Truphosah Fridah Monah hails from Kakamega County in Western Kenya and lives in Nairobi. She holds a B.A. in Sustainable Human Development from The Catholic University of Eastern Africa and an M.A. in Counseling Psychology from The United States International University- Africa. She is a blogger and an online freelance writer. She is the founder and works with a society of and for women with disabilities, Women and Realities of Disability Society (WARD Society).
During and after her studies, Fridah has worked with several organizations that are geared towards increasing access to services and information for people with disabilities and other vulnerable groups in Kenya. After receiving her undergraduate degree, she founded WARD and after completing her postgraduate degree she incorporated psychological services in her work with women with disabilities.
While working among women with disabilities, she learned that the challenges they face have effects on their psychological and mental well-being. This is what motivated her to pursue a Masters of Arts in Counseling Psychology. With her knowledge and skills, she gives psychological support to women and girls with disabilities. In observing the need for better opportunities for the people she volunteers with, Fridah advocates for equal rights for women with disabilities in all aspects of life. WARD Society addresses challenges faced by women with disabilities in education, employment, sexual and reproductive health, decision making, and political representation. This society has brought together women from across the country. Before becoming a Professional Fellow, Fridah took part in the Facebook Community Leaders Program in California.
During her study period, Fridah carried out two major academic research studies among persons with disabilities namely, Reproductive Health as a Social Challenge to Women with Disabilities, this study brought WARD to existence.
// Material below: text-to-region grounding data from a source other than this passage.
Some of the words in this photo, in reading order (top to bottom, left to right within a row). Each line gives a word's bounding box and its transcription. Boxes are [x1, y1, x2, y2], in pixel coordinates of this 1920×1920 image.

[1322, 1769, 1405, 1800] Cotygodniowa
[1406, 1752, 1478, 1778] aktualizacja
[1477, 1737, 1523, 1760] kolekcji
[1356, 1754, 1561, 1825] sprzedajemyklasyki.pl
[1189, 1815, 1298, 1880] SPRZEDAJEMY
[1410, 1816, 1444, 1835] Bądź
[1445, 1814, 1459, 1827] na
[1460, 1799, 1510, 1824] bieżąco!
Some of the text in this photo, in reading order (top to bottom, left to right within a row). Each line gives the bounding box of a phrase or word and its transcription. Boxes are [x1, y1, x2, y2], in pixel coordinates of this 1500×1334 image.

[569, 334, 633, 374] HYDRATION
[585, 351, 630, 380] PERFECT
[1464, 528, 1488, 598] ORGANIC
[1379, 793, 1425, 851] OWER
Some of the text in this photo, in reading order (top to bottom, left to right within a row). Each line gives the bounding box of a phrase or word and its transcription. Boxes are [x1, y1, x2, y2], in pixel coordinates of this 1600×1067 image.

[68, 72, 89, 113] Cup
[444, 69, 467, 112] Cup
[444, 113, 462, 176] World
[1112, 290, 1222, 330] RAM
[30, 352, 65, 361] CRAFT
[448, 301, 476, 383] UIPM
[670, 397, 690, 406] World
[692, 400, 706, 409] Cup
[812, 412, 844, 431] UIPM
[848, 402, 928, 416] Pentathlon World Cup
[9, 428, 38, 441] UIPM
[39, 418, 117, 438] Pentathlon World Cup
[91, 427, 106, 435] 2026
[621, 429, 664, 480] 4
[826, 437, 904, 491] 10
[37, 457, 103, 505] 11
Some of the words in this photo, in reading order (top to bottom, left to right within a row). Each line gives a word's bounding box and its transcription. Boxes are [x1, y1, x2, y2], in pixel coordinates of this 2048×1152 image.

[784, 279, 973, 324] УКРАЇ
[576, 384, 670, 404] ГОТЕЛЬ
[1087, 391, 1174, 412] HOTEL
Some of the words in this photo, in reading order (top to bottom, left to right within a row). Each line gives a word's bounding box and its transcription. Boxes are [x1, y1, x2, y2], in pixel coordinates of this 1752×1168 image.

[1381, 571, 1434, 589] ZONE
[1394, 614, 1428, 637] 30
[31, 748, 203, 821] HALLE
Secondly, she carried out a study on The Psychological Consequences of the Social Exclusions facing Persons with Disabilities in Kenya.
As a woman with a disability, Fridah reflects: ”In my daily life I have and still encounter inaccessible environments, I use the opportunity to bring to the attention of the people involved the importance of making their environments accessible to PWDs.” Her project seeks to address this is entitled ‘Reducing the unemployment of qualified women with disabilities in Kenya.’ The primary goals of her Fellowship project are to ensure qualified women with disabilities get internships, contracts, and practical skills for economic development. In order to achieve this, she will complete a field search of the public and private sectors, partner with government policymakers, and work towards reversing the trend of unemployment among disabled women being higher than unemployment among disabled men.